MELBOURNE • For all the talk of the next generation at this year's Australian Open, it is the old guard who remain dominant.
The men's singles final today will be contested by two battle-hardened veterans, Novak Djokovic playing Rafael Nadal, world No. 1 against world No. 2, in the 53rd edition of their rivalry.
Seven years after their most famous encounter in Melbourne, they meet again at the Rod Laver Arena.
On the evidence of their performances throughout the past fortnight, it will not be a surprise if the quality of play comes close to that of the gruelling 2012 final - a 5hr 53min epic that ended with both so close to collapsing that they were provided chairs to sit on during the presentation ceremony.
Djokovic was the champion that day, and he is the slight favourite to triumph again with a 27-25 edge in their head-to-head record.
But Nadal has a 4-3 advantage in Grand Slam finals and has won the last three. In all Grand Slam meetings, he has a clear advantage over Djokovic, with a 9-5 record.
There is much at stake in the final. Fourteen-time Grand Slam champion Djokovic, 31, can move ahead of Roy Emerson and Roger Federer with a record seventh Australian Open crown.
Nadal, 32, has the opportunity to move to within two major titles of Federer's 20, and would then have the French Open - where he has won 11 times - to come in May. It has all the makings of a classic.
"He has played impressively throughout the tournament," Djokovic said of the Spaniard.
"He hasn't dropped a set. He looked as good as ever on the hard court. This final comes at the right time for both of us. I'm sure we're going to have a blast.
"Knowing both of us, we're going to give everything. I've played so many epic matches against him. Of course, the one that stands out was the final in 2012. Hopefully, we don't go that long this time."
What a turnaround the past year has been for Djokovic, as he prepares to play for his third consecutive Grand Slam title.
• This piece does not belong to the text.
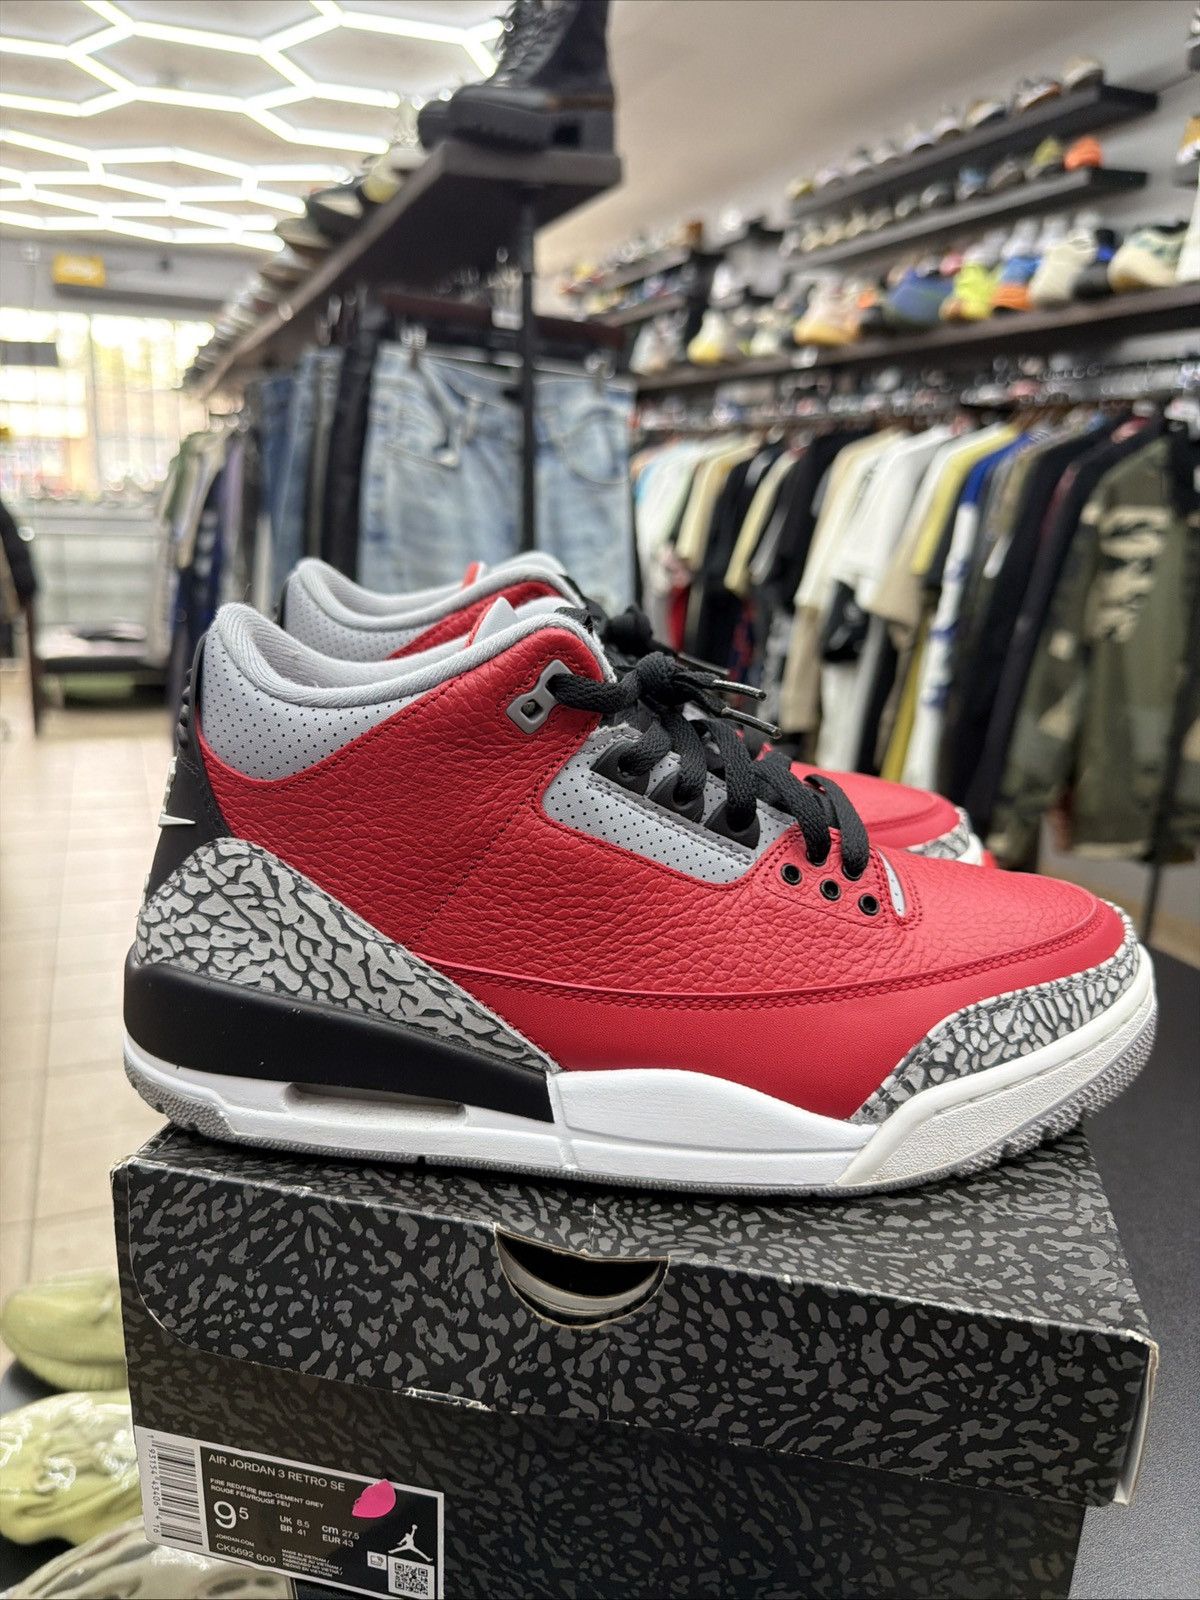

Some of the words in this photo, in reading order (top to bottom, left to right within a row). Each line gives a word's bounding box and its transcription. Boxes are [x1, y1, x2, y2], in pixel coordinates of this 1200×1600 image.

After losing in the fourth round of last year's Australian Open, he had surgery on his right elbow. Disillusioned on the rocky road of recovery, it was not until the grass-court season in June that he rediscovered his mojo and went on to win Wimbledon in July and the US Open in September.
Djokovic pinpoints his semi-final victory at Wimbledon against Nadal as the turning point. He prevailed in five sets in a match that lasted almost 5 1/2 hours.
"Winning 10-8 against Nadal in the fifth set, that has catapulted me to a different, more confident self. It has allowed me to then excel in the months to come after that," he said.
"Nadal has historically been the greatest rival that I played against on all the surfaces. Some matches that we had against each other were a great turning point in my career. They have made me rethink my game.
"Those kind of encounters have also made me the player I am today. These are the kind of matches that you live for, the finals of Grand Slams, playing the greatest rivals at their best. What more can you ask for? This is where you want to be."
Nadal arrived in Melbourne with low expectations, having taken a hiatus from the tour after last year's US Open, where he withdrew in the semi-finals with a knee injury.
Last November, he also had ankle surgery.
Here, he is looking to keep his legs spry, his troublesome knees healthy. He is hitting more balls on the short hop, sticking closer to the baseline, volleying more.
He has also streamlined his service motion, cutting fat from his wind-up in a search for more accuracy and greater pop.
Nadal said his preparations for today would focus on his own game. "I just have to think my way. I have to keep doing the things that I am doing," he said.
"That's my feeling, just keep playing the way that I am playing and, let's see, expect to have one of those special days."